Could you reproduce every entry as it stands, leaving the pictures behind?

'''

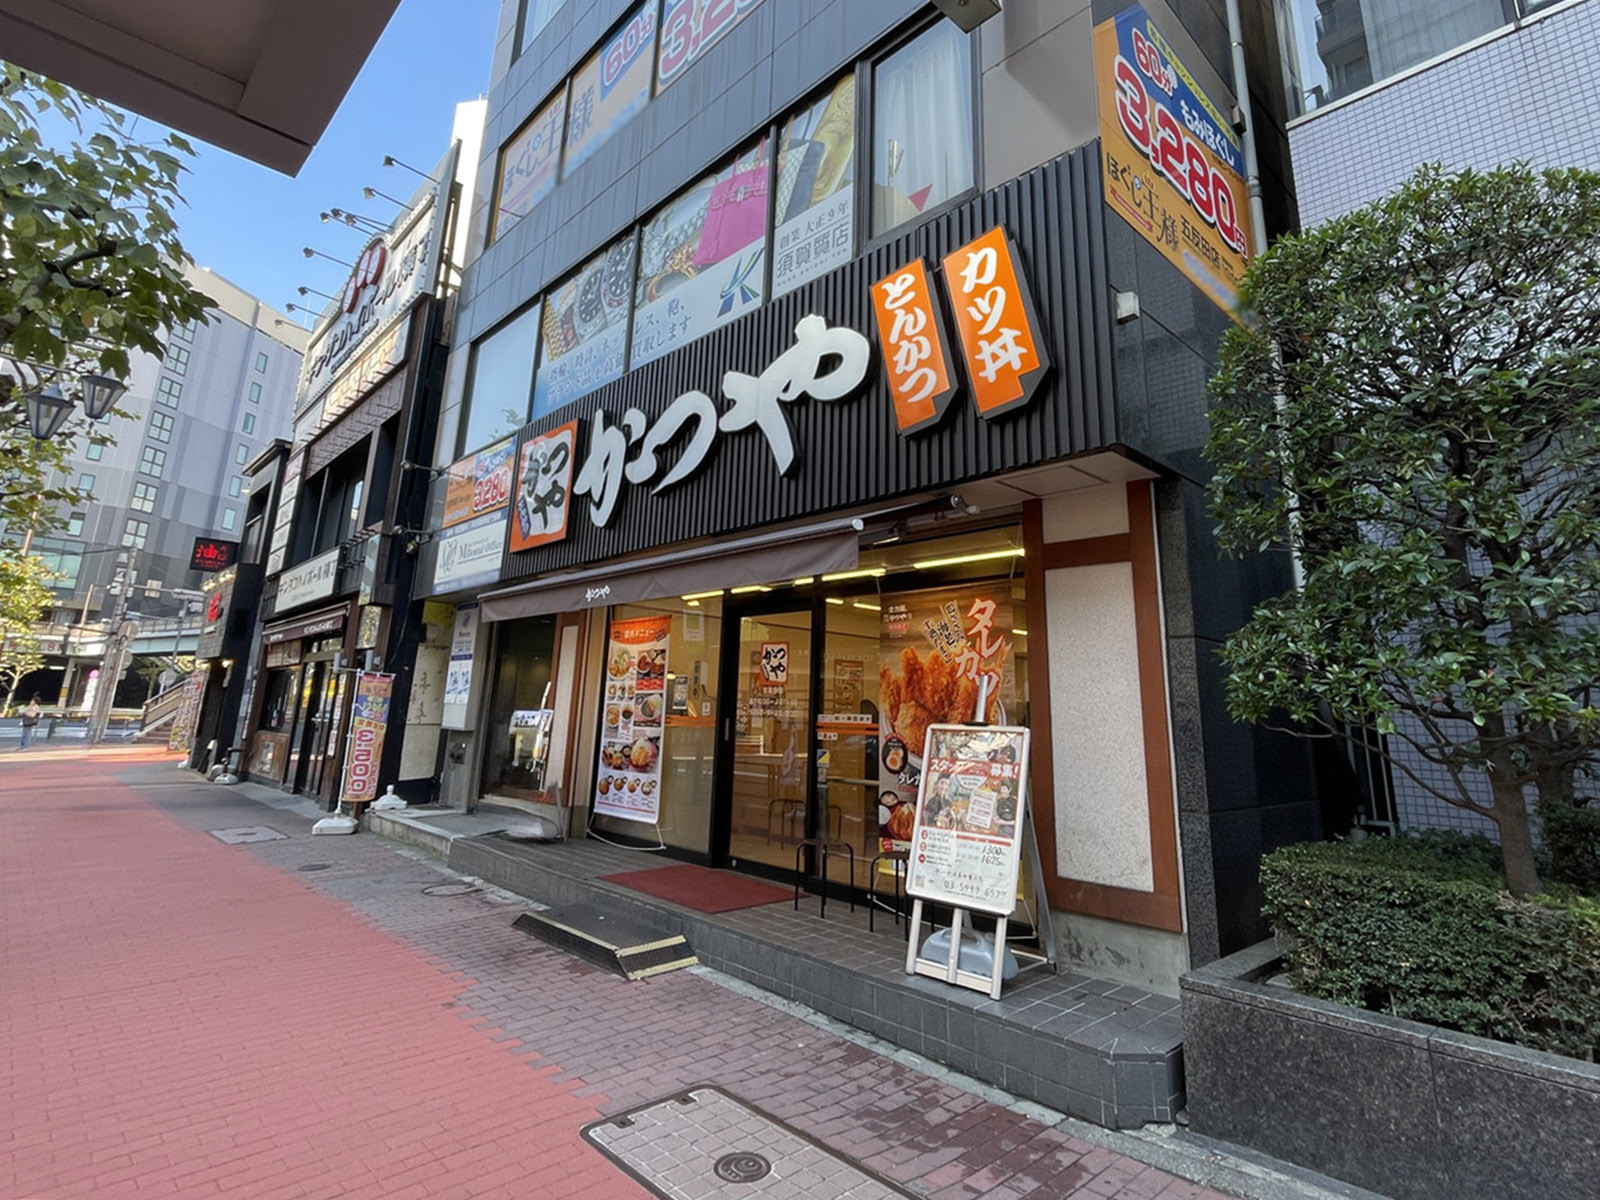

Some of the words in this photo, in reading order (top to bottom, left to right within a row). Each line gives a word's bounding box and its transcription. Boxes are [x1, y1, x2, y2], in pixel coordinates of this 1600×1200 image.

[1132, 27, 1175, 98] 60分
[1180, 99, 1235, 167] もみほぐし
[777, 221, 849, 279] 須賀質店
[1180, 213, 1222, 271] 五反田店
[881, 273, 938, 403] とんかつ
[959, 247, 1028, 383] カツ丼
[573, 313, 871, 528] かつや
[521, 441, 569, 530] かつや
[586, 585, 610, 602] かつや
[763, 647, 786, 679] かつや
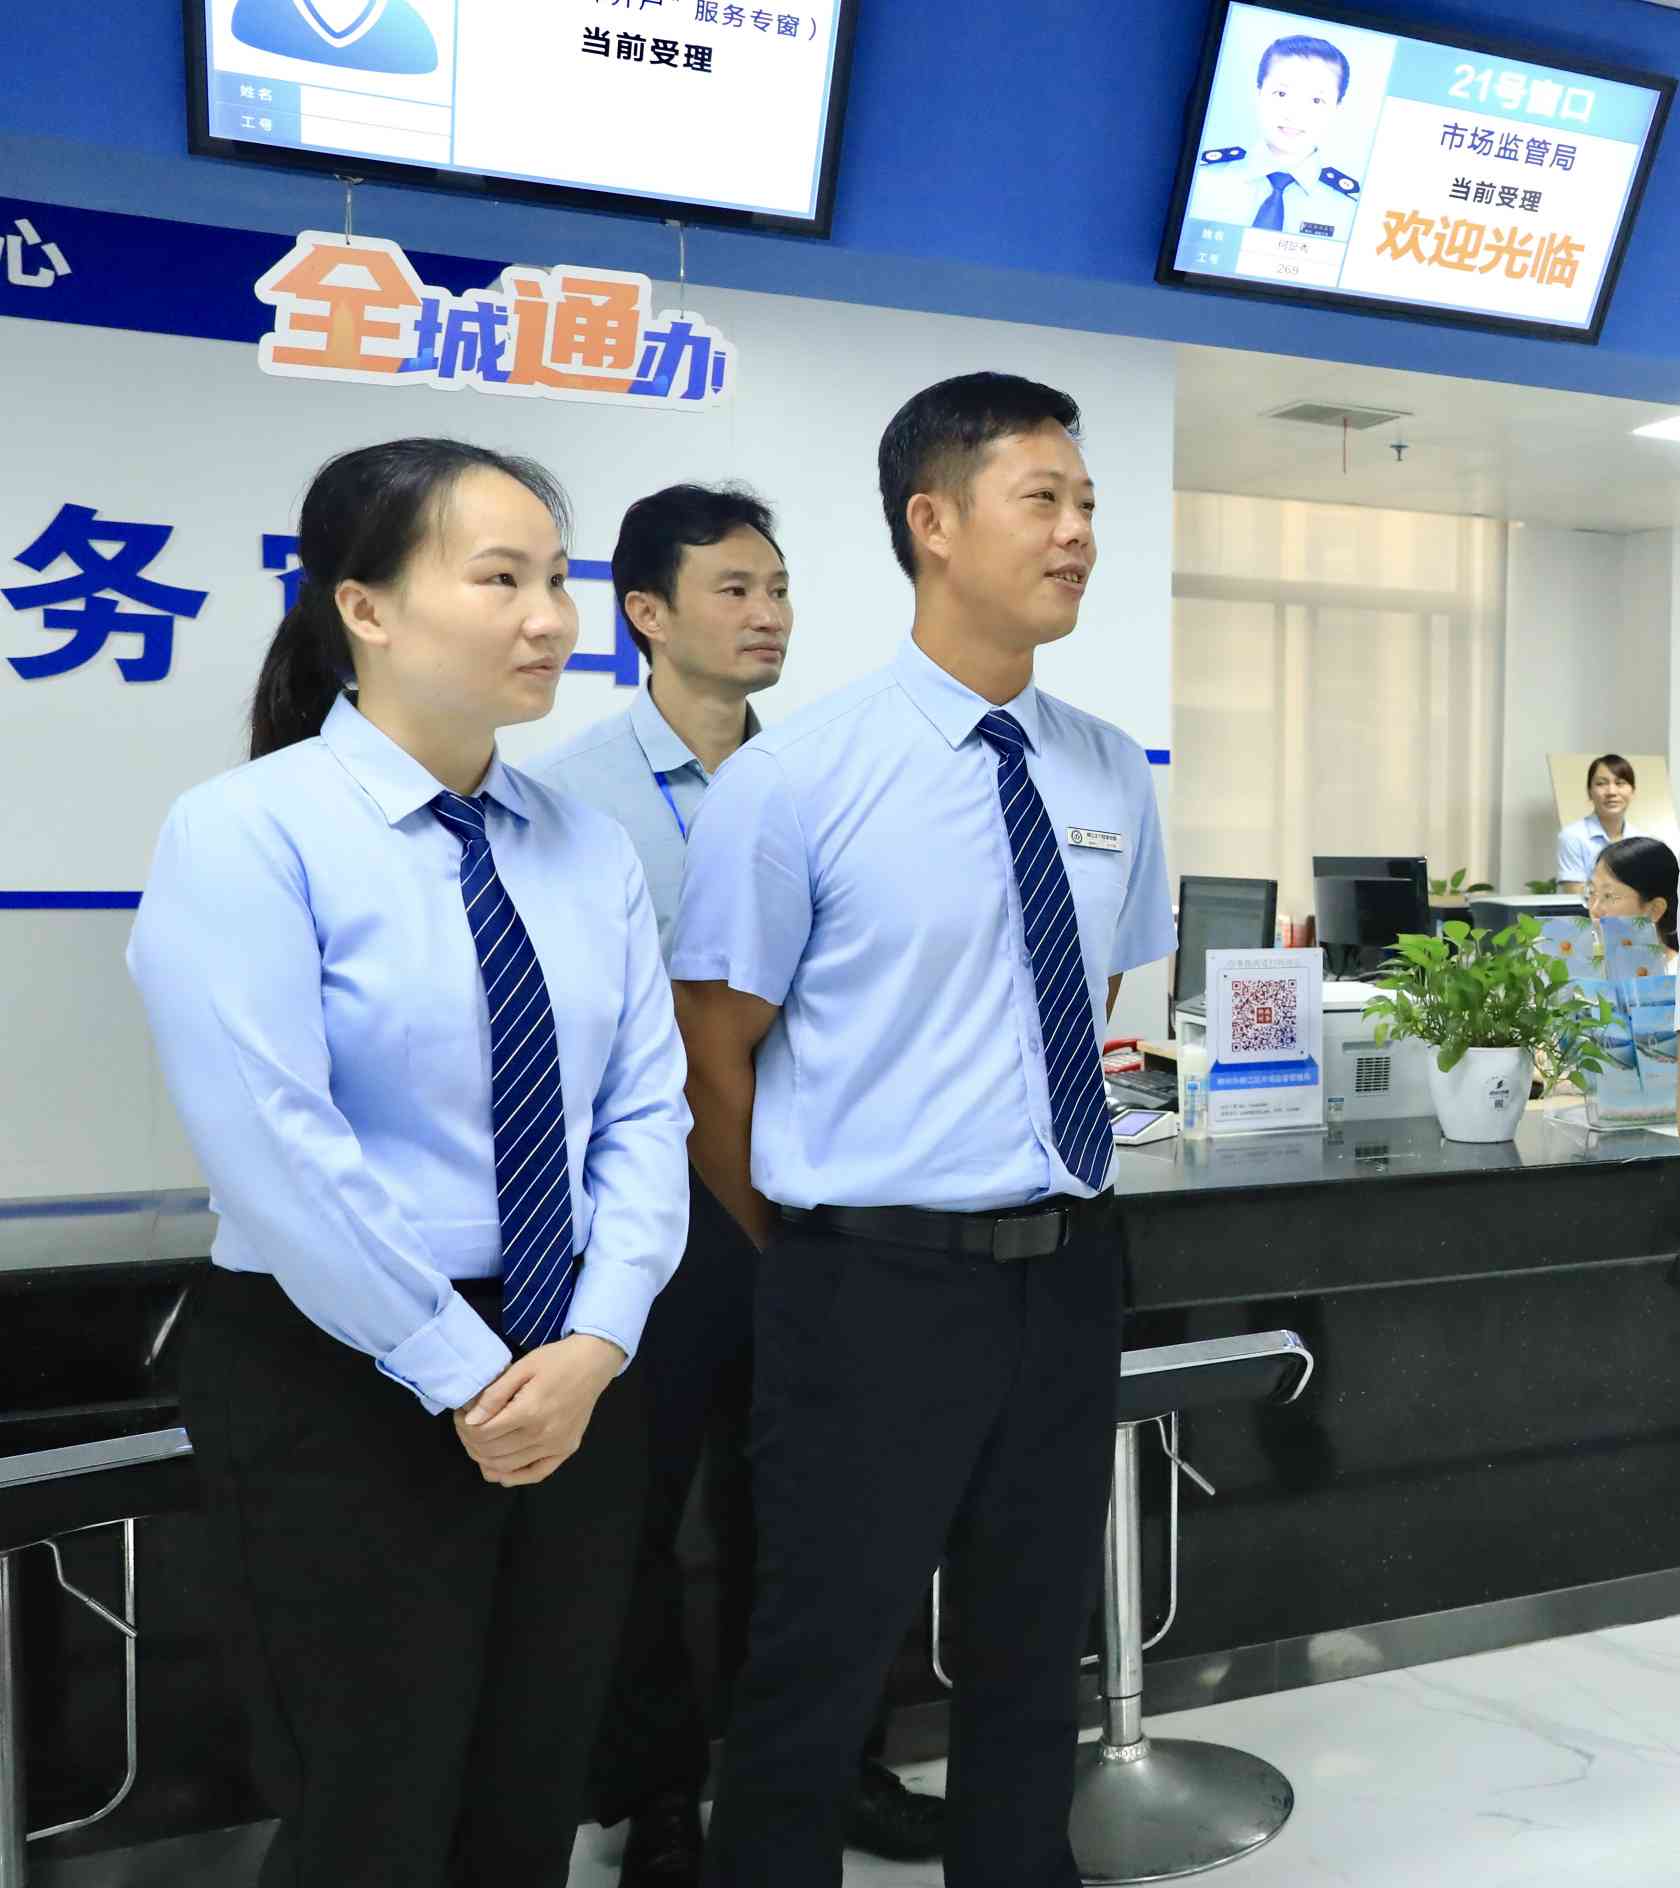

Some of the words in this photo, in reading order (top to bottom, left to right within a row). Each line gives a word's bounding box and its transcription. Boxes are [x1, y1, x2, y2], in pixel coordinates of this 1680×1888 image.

[581, 26, 713, 73] 当前受理
[1448, 64, 1596, 123] 21号窗口
[1440, 122, 1577, 171] 市场监管局
[1448, 176, 1542, 213] 当前受理
[1376, 209, 1585, 289] 欢迎光临
[269, 243, 727, 401] 全城通办

'''

▸ **YOUR RESPONSE**:
Some of the words in this photo, in reading order (top to bottom, left to right within a row). Each line gives a word's bounding box and its transcription. Boxes are [x1, y1, x2, y2], in pixel coordinates of this 1600×1200 image.

[1132, 27, 1175, 98] 60分
[1180, 99, 1235, 167] もみほぐし
[777, 221, 849, 279] 須賀質店
[1180, 213, 1222, 271] 五反田店
[881, 273, 938, 403] とんかつ
[959, 247, 1028, 383] カツ丼
[573, 313, 871, 528] かつや
[521, 441, 569, 530] かつや
[586, 585, 610, 602] かつや
[763, 647, 786, 679] かつや

Some of the words in this photo, in reading order (top to bottom, left to right within a row). Each line gives a word's bounding box and its transcription. Boxes are [x1, y1, x2, y2], in pixel coordinates of this 1680×1888 image.

[581, 26, 713, 73] 当前受理
[1448, 64, 1596, 123] 21号窗口
[1440, 122, 1577, 171] 市场监管局
[1448, 176, 1542, 213] 当前受理
[1376, 209, 1585, 289] 欢迎光临
[269, 243, 727, 401] 全城通办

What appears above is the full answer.